At a press conference in downtown’s tallest skyscraper, Shively said he and business partners will begin in Washington State and Colorado, where rules for legal pot come online this year, and wait as voters pick off prohibition across the country. Flanked by lawyers, a state lawmaker, and former Mexico president Vicente Fox, Shively said he is a “couple weeks” from an initial $10 million milestone, and within three years, he fully expects to open—some medical marijuana and some recreational marijuana—a dozen branded stores in Washington State, another dozen stores in Colorado, and as many as hundreds in California (a state where only medical marijuana is currently legal but where voters are widely expected to legalize recreational pot in 2016).
To my mind, this is great news, and will help wind down the drug war in general, as Vicente Fox is noted in the article as observing:
Keeping his headquarters in Seattle, near Green Lake, Shively says that means employing about 1,000 people locally and 10,000 people nationwide. And sounding like Big Hamburger, Shively says he predicted “tens of millions” of customers will be served.
Former Mexican president [Vicente] Fox star-studded the presser to argue Shively’s investment in the United States’ pot market, an estimated $100 billion industry, is about more than lucrative returns. Fox said the business was “making history” by transferring the cannabis revenues from murderous drug cartels to licensed corporations. A legitimate “business investment… will bring a solution to Mexico’s huge crime problem,” Fox told me. “Criminals won’t be able to get the money because the money will be in the hands of people like Jamen.”

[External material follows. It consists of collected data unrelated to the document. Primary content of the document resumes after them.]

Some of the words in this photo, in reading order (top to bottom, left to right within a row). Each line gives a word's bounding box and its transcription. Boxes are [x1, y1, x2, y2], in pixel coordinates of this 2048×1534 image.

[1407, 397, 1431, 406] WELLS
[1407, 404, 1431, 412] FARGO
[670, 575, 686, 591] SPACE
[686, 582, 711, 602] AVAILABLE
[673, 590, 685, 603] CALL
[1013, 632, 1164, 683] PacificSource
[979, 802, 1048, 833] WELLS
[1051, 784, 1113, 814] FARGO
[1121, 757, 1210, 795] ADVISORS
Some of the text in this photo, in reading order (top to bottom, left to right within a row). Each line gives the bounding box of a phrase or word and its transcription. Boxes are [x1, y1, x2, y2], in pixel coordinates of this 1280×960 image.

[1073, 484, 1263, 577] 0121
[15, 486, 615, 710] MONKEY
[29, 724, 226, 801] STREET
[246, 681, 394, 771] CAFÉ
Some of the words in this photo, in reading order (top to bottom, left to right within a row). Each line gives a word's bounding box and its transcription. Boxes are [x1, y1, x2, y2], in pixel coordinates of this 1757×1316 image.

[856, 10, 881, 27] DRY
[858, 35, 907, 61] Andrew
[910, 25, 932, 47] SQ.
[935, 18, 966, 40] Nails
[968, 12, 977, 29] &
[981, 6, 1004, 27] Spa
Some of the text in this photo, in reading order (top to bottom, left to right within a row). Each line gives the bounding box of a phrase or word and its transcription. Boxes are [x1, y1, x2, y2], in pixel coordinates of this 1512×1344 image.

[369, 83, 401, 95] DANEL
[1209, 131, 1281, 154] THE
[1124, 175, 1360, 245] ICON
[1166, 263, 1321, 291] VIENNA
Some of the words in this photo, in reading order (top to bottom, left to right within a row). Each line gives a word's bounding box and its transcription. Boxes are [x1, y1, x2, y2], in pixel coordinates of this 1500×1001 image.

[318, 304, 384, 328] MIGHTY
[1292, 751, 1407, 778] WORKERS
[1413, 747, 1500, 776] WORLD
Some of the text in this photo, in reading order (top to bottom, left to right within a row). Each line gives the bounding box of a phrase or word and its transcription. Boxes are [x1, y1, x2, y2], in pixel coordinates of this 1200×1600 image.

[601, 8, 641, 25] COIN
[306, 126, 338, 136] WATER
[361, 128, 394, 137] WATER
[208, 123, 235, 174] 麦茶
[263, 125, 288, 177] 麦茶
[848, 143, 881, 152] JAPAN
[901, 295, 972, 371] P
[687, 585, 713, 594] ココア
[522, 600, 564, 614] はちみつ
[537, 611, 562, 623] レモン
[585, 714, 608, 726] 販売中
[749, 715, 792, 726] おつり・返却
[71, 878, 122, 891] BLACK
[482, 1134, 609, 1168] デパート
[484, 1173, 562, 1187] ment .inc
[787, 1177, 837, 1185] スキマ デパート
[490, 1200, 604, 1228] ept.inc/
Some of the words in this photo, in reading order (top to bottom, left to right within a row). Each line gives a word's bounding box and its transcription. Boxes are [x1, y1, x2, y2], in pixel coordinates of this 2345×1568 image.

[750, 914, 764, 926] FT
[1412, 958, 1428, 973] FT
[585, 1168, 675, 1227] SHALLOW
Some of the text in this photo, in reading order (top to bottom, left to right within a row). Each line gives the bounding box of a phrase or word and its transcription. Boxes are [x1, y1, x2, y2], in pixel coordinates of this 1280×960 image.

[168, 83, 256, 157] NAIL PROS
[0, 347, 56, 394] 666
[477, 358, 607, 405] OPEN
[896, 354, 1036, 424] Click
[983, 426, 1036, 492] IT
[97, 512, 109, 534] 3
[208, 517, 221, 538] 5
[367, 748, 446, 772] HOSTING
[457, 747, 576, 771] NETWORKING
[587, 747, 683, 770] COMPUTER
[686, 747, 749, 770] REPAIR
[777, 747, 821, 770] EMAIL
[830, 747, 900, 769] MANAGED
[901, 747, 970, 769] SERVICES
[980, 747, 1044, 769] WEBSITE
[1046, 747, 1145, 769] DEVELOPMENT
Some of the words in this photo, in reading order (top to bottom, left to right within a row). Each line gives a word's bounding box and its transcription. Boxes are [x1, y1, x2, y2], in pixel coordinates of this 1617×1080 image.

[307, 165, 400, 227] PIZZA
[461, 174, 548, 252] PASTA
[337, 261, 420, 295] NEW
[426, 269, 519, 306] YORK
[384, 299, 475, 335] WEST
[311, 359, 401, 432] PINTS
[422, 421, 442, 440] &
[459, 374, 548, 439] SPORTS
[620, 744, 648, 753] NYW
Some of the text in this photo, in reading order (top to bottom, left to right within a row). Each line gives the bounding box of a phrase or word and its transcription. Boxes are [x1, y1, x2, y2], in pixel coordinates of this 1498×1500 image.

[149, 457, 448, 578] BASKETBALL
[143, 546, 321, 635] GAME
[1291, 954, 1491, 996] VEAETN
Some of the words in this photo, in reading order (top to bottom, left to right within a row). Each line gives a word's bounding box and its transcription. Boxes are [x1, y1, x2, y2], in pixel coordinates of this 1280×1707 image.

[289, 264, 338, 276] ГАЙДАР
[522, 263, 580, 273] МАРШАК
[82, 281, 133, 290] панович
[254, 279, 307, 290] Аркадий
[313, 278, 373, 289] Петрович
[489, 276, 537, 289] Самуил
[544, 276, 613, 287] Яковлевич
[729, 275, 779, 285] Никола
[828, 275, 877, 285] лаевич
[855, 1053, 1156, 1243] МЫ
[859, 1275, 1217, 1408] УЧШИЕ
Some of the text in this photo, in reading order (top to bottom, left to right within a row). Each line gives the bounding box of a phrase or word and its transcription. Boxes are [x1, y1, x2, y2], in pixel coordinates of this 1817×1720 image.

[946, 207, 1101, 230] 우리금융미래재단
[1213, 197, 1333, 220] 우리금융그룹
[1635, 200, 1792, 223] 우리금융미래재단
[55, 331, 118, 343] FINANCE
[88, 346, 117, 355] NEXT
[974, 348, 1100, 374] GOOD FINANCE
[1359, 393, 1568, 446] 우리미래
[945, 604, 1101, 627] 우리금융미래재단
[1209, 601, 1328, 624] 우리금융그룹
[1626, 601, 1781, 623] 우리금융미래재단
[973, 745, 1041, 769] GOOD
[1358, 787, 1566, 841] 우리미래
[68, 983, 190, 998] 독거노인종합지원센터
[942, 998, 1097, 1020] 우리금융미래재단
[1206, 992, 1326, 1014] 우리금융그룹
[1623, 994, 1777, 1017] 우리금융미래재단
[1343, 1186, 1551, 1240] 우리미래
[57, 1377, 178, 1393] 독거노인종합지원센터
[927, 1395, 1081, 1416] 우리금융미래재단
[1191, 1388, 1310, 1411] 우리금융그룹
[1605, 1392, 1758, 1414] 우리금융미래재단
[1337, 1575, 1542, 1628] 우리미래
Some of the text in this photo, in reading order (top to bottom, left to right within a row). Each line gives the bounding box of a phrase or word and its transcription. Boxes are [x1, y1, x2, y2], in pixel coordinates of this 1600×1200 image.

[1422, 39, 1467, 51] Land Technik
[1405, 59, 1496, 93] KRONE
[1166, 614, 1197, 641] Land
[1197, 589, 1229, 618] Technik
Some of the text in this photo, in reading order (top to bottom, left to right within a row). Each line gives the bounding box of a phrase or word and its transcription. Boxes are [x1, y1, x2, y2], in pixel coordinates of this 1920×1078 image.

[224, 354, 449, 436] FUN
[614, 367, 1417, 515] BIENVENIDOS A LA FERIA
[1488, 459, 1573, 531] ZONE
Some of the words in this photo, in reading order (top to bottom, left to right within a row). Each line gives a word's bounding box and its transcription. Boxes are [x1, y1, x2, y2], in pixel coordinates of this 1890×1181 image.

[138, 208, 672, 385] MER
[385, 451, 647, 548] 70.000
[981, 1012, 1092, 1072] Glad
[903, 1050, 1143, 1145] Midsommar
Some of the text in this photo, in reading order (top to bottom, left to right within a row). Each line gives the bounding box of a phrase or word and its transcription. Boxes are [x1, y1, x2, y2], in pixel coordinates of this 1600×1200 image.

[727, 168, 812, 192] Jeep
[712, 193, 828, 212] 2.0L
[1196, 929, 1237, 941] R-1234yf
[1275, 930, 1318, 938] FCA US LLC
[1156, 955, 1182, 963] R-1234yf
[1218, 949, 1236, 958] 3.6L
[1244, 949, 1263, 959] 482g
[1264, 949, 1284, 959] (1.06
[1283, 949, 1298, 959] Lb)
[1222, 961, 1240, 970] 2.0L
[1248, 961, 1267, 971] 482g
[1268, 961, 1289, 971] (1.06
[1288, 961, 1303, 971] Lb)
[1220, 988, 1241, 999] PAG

This is a matter of states’ rights. And with big business getting in on the act, even Republicans may back off on the matter of pot legalization and let it happen. This could definitely turn into a big national election issue in 2016 if any politician campaigns to stop pot legalization in states where voters want it. And to accommodate what individual states are doing, the federal laws need to start evolving now, so it’s time for President Obama to get out front on the issue.